Recorded data
⟨

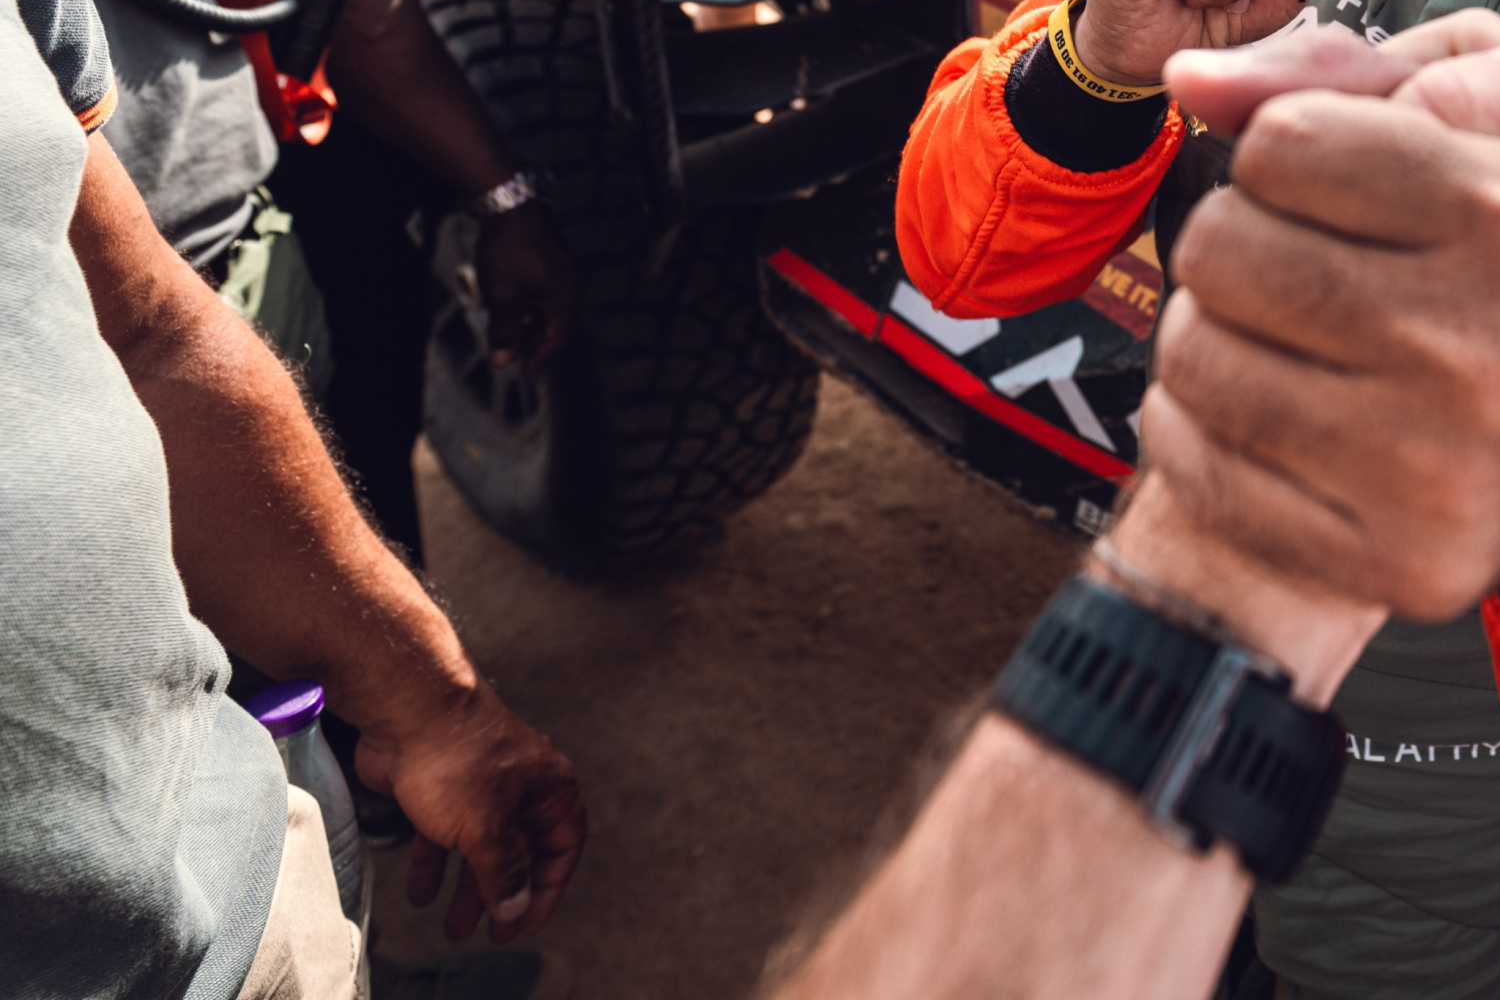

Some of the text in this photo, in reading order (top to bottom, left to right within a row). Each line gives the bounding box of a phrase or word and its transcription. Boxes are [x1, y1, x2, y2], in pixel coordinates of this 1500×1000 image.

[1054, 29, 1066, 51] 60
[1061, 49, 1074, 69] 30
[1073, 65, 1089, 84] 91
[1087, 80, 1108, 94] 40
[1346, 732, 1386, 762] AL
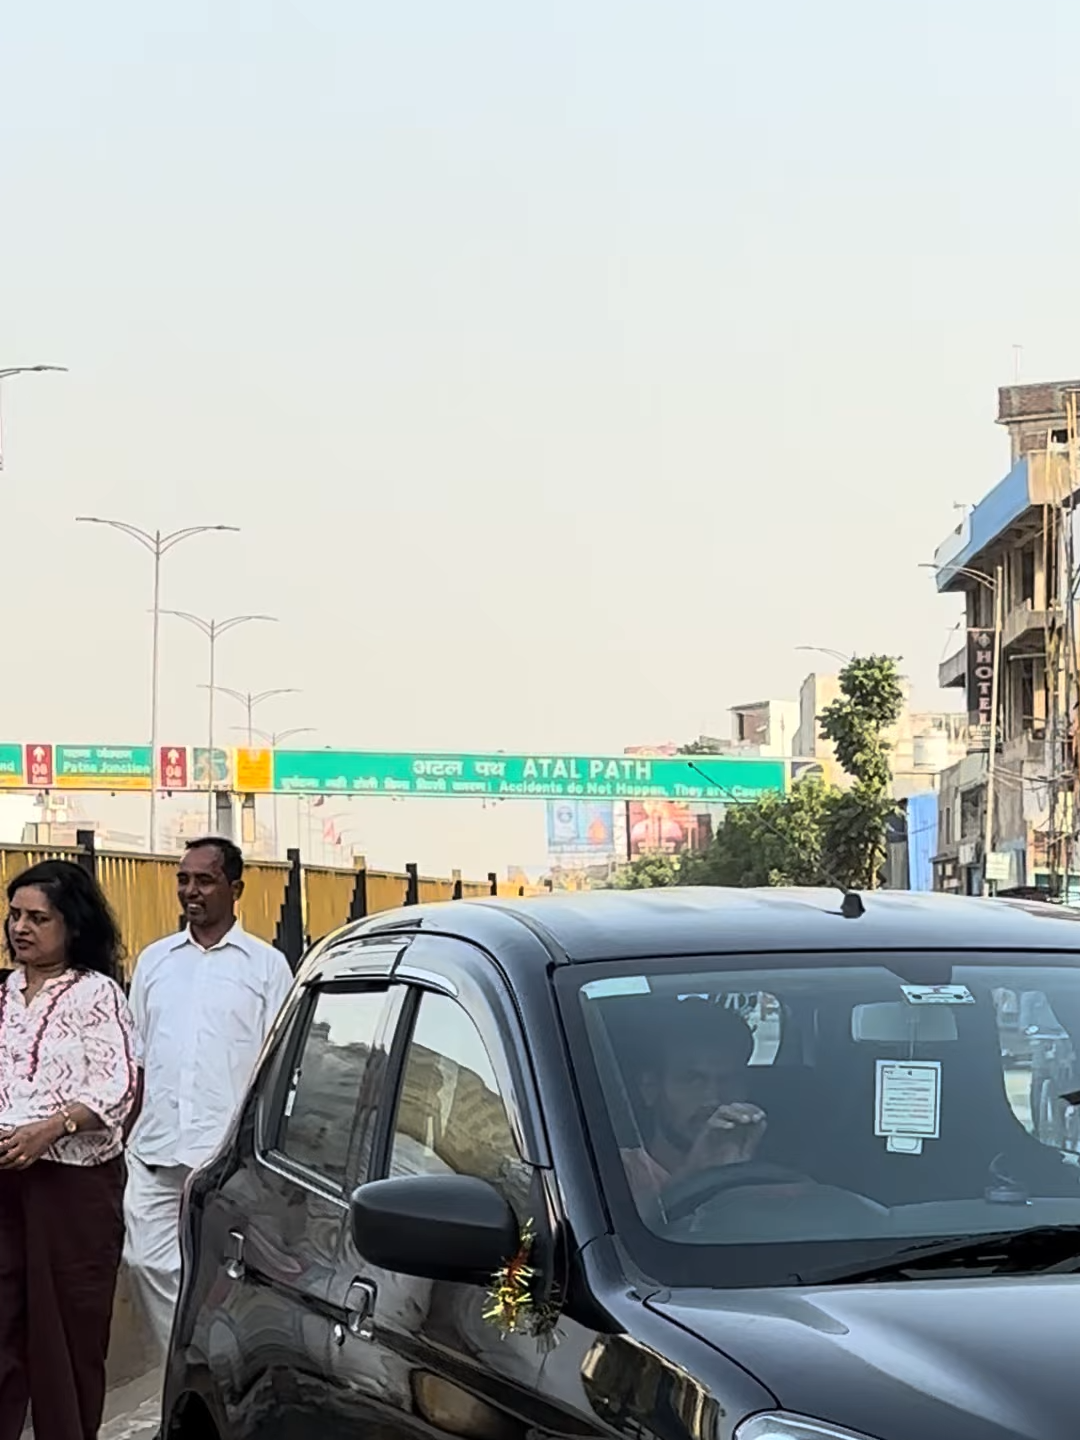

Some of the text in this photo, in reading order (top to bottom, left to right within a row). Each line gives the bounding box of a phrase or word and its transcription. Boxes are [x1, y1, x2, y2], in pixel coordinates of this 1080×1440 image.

⟩

Task description
Pictures are to be left out; please print the rest of the records above word for word.

Completed exercise
Some of the text in this photo, in reading order (top to bottom, left to right within a row). Each line gives the bounding box of a phrase or word and its transcription. Boxes are [x1, y1, x2, y2], in pixel coordinates of this 1500×1000 image.

[1054, 29, 1066, 51] 60
[1061, 49, 1074, 69] 30
[1073, 65, 1089, 84] 91
[1087, 80, 1108, 94] 40
[1346, 732, 1386, 762] AL

Some of the text in this photo, in reading order (top to bottom, left to right within a row). Each line gives the bounding box of a phrase or word and its transcription. Boxes are [x1, y1, x2, y2], in pixel coordinates of this 1080×1440 image.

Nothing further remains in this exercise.